A Long Overdue News Roundup


Lots of interesting and curious news to contemplate lately …

Give Boeing a round of applause

Lots of bad publicity about Boeing recently in light of their 787 debacle, but give credit where it’s due. Five Snohomish County nonprofits will be learning about spaghetti charts, value stream mapping, kaizen and 5S over the next several months in an effort to streamline or “Lean” the delivery of services. The $25,000 in grants, funded by The Boeing Company and administered by United Way of Snohomish County, expands the number of nonprofits using the technique first pioneered by Toyota in the 70s.”

Senior Services of Snohomish County, Center for Human Services, Work Opportunities, Domestic Violence Services of Snohomish County and Interfaith Association will all get a kickstart on the lean journey thanks to Boeing.

The biggest waste heap the world has ever seen

Maersk is building the biggest container ships in the world. Dwarfing the Titanic and almost as long as the Empire State Building is tall, these bad boys will carry 6,000 containers full of inventory. “Practically speaking, a Triple-E, in one trip, could take more than 182 million iPads or 111 million pairs of shoes from Shanghai to Rotterdam. Such a trip would take 25 days and burn 530,000 gallons of fuel.”

Some of the highlights:

Maersk’s ships account for 0.1 percent of humanity’s carbon emissions.”

Fuel costs for a one-way trip from Rotterdam to Shanghai can easily reach $2.5 million.”

The boys at Maersk are not completely oblivious to energy waste, however. Instead of the usual 23-25 knots this ship is designed to go 16 knots to save on gas. I suppose once you have decided to put 111,000,000 pairs of shoes into inventory you have poured so much money down the drain that stretching out the cycle time creating even more waste is no big deal.

Open Season on McKinsey

McKinsey bashing has become popular sport lately. The Sydney Morning Herald has these gems:

“It's hard to argue that a McKinsey associate has anything to offer the clientele but long nights.”

It is often goes unmentioned, but McKinsey has indeed offered some of the worst advice in the annals of business. Enron? Check. Time Warner's merger with AOL? Check. General Motors' poor strategy against the Japanese automakers? Check. It told AT&T in 1980 that it expected the market for mobile phones in the United States in 2000 would amount to only 900,000 subscribers. It turned out to be 109 million. The list goes on.”

Time Magazine offers:

They [McKinsey] sell what their clients are buying.”

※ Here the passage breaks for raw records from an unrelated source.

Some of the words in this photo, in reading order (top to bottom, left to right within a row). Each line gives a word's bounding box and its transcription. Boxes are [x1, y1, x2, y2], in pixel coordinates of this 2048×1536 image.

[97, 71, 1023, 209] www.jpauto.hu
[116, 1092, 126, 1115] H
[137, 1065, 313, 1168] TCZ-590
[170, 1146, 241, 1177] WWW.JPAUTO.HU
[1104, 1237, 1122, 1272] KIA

The firm [McKinsey] dares to suggest that young MBAs with no actual business experience are in a position to tell seasoned executives how to better run their businesses.”

“McKinsey might be the single greatest legitimizer of mass layoffs in history.”

Gee, ya really think the Chinese might be lying?

In an article that is news to the folks at the BBC but rather pedestrian knowledge among those who have actually been to China, the Brits write about “The Trouble With Chinese Data”. Seems they have figured out that the Chinese have been overstating their economic output … by quite a bit.

Now, 28 companies in Luliang county in Yunnan province have reported industrial output that was more than double what their actual production was last year. According to Xinhua, the companies defended themselves and said that local officials had induced them to do so in exchange for loans from state-owned banks. The trouble with Chinese data is that government officials have been set targets in the successive Five-Year Plans that govern the country's economic planning. And no official would want to miss their target. So, it probably creates an upward bias in their reporting and overstates Chinese growth.

It probably creates an upward bias? Probably? Of course it does – and has for years!

We Won’t Have Furniture Brands to kick around any more

In my Evolving excellence days I had a few things in my hip pocket to pull out whenever writer’s block set in. One of them was Furniture Brands. Perhaps the goofiest, most mismanaged company in American I knew I could always count on them for a hoot.

Like the time their CEO said, “Part of the change in culture at Furniture Brands has been in shedding the manufacturing mindset that has kept us focused on capacity utilization, backlogs and other operational issues.”

And when another exec went to the trade commission and testified, “Furniture Brands is the largest residential furniture manufacturer in this country,” in an effort to get them not to slap tariffs on Chinese goods; and less than two months later that same exec was quoted in their annual report saying, “I have frequently pointed out that we are not really a manufacturer.”

Search the blog at EE and you can see a litany of lunacy at Furniture Brands, closing plants moving to Mexico and then China, one restructuring strategy after another.

Too bad we won’t have Furniture Brands to kick around any more. “Furniture Brands International said Monday that it has filed for Chapter 11 bankruptcy protection and hopes to sell the bulk of its business to investment firm Oaktree Capital Management, an investment firm that specializes in buying assets from bankrupt companies.” I’m almost going to miss them.